Il cinema, per variare soggetto, sviluppa se possibile una complessità ancora più profonda, anche a causa dell’enciclopedica storia fondante di tale medium, ormai centenario. Stesso discorso è possibile farlo per il fumetto, per non parlare della letteratura e della musica. A tutto ciò va poi sommato l’incredibile peso del fattore umano in analisi così analitiche, ovvero il gusto soggettivo e personale, grazie al quale l’industria risulta così diversificata e ricca di contenuti.
Detto per esperienza, in questo variegato di carattere soggettivo e attributi tangibili, è praticamente impossibile mantenere univoco il metro di paragone in primis rispetto alla propria scala di valori, figuriamoci rispetto a quella altrui. Il che ci porta a un altro punto chiave della nostra discussione, ossia il re del flame e dell’uniformità forzata, l’unica ed autentica grande “M”. No, non ci stiamo riferendo a McDonalds, ma all’aggregatore Metacritic, il Sauron o il Voldemort (scegliete voi quello che preferite) della critica di settore.
Se è giusto accettare la diversità di opinioni e pareri, date le argomentazioni di cui è stato scritto sopra, la figura di Metacritic incentiva l’opinione opposta, probabilmente nemmeno intenzionalmente. Dove prima il “saggio” utente medio leggeva il numero a piè di pagina e commentava, ad oggi, con la nascita dei database di recensioni sempre più aggiornati, questo è portato a rapportarlo a una media complessiva, sublimando l’intera questione a un nuovo grado di superficialità e disinformazione.
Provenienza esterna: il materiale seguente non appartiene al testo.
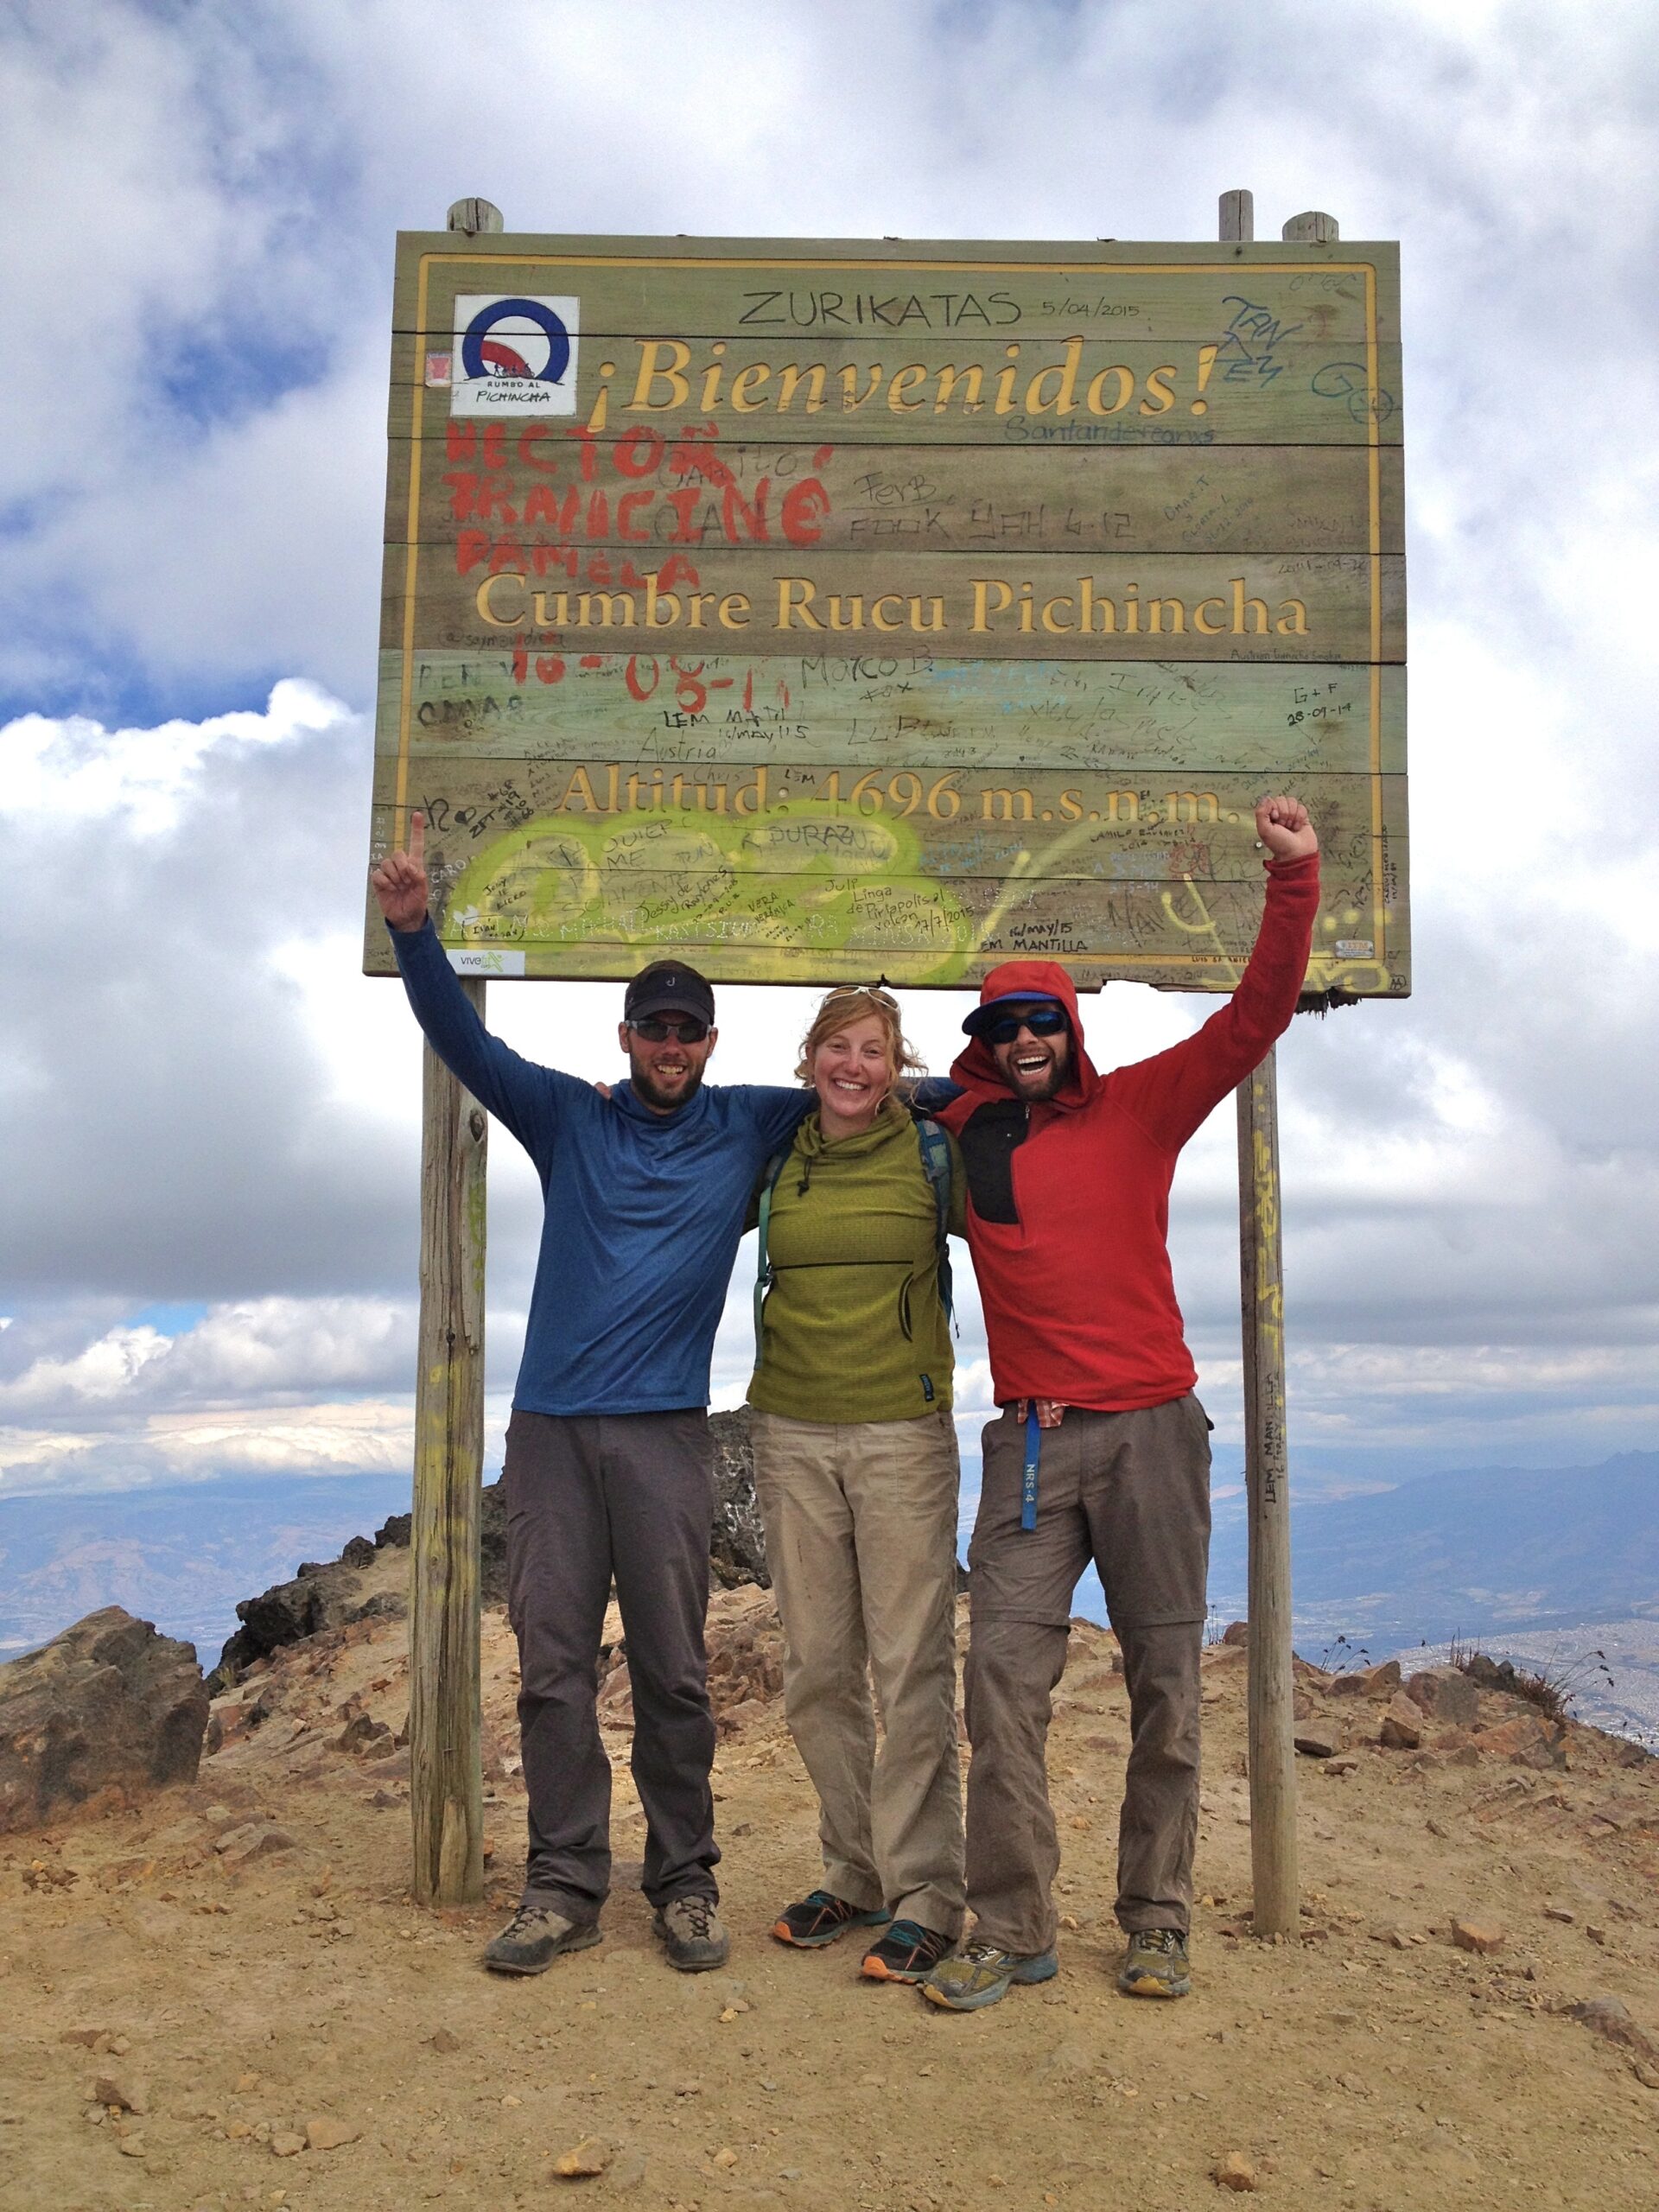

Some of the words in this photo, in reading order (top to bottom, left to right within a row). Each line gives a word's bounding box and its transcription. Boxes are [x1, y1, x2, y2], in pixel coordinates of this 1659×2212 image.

Hai dato un voto troppo alto rispetto al Metavote? “Sei un venduto!” Hai dato un voto troppo basso? “Sei un fanboy che non sa apprezzare un prodotto per quello che è!” Se non ti discosti molto dal parere di altri critici passi invece inosservato. Un comportamento così tossico direziona la community verso atteggiamenti passivo – aggressivi spesso infondati, andando a crocifiggere il povero redattore che si è occupato della stesura di quel determinato pezzo preso a bersaglio.
Quello che appare irrazionale e paradossale è proprio l’incapacità di accettare estimazioni e punti di vista distaccati dal pensiero comune, fissati alla berlina come il peggior male di questo mondo, nella maggior parte dei casi con totale mancanza di rispetto nei confronti del giornalista. Dato che di rispetto si tratta. Sebbene siano ormai dati per scontati, è inaccettabile considerare leciti commenti dove viene suggerito di cambiare lavoro solo per il fatto di avere espresso posizioni scomode su un argomento.
I forum online sono nati d’altronde per la discussione, non per insultarsi a vicenda senza alcun ritegno.
La chiave è il dialogo, non l’attacco diretto e indiscriminato, mantenendoci lontani da contrasti motivati nemmeno dal contenuto, ma da interpretazioni aprioristiche inculcate da strumenti di lettura superficiali e inconcreti.
A seguito di una così lunga disamina all’utilizzo del voto, vi chiederete: “Perché non eliminarli?” I motivi sono in realtà diversi, i quali in primis relazionati a una necessità commerciale di visibilità. Non è un caso che grandi siti, come Kotaku, abbiano scelto linee editoriali contrarie al fenomeno, limitandosi a fornire esclusivamente la parte testuale, al costo di perdere peso nell’ambiente internazionale. Si tratta però in questo caso dell’eccezione e non della regola, dove le testate nutrono talmente tanto eco mediatico da potersi risparmiare le due fatidiche cifre che siamo tanto abituati a vedere.
L’unica via d’uscita fattibile potrebbe risultare muoverci collettivamente, optando per soluzioni che prevedano una lenta (ri)educazione del pubblico di riferimento, in modo da uscire da questa spirale di parossismo verso un giornalismo eccessivamente immediato e semplificato. Certo, a nulla serve impegnarsi quando viene colta ogni occasione per screditarci a vicenda.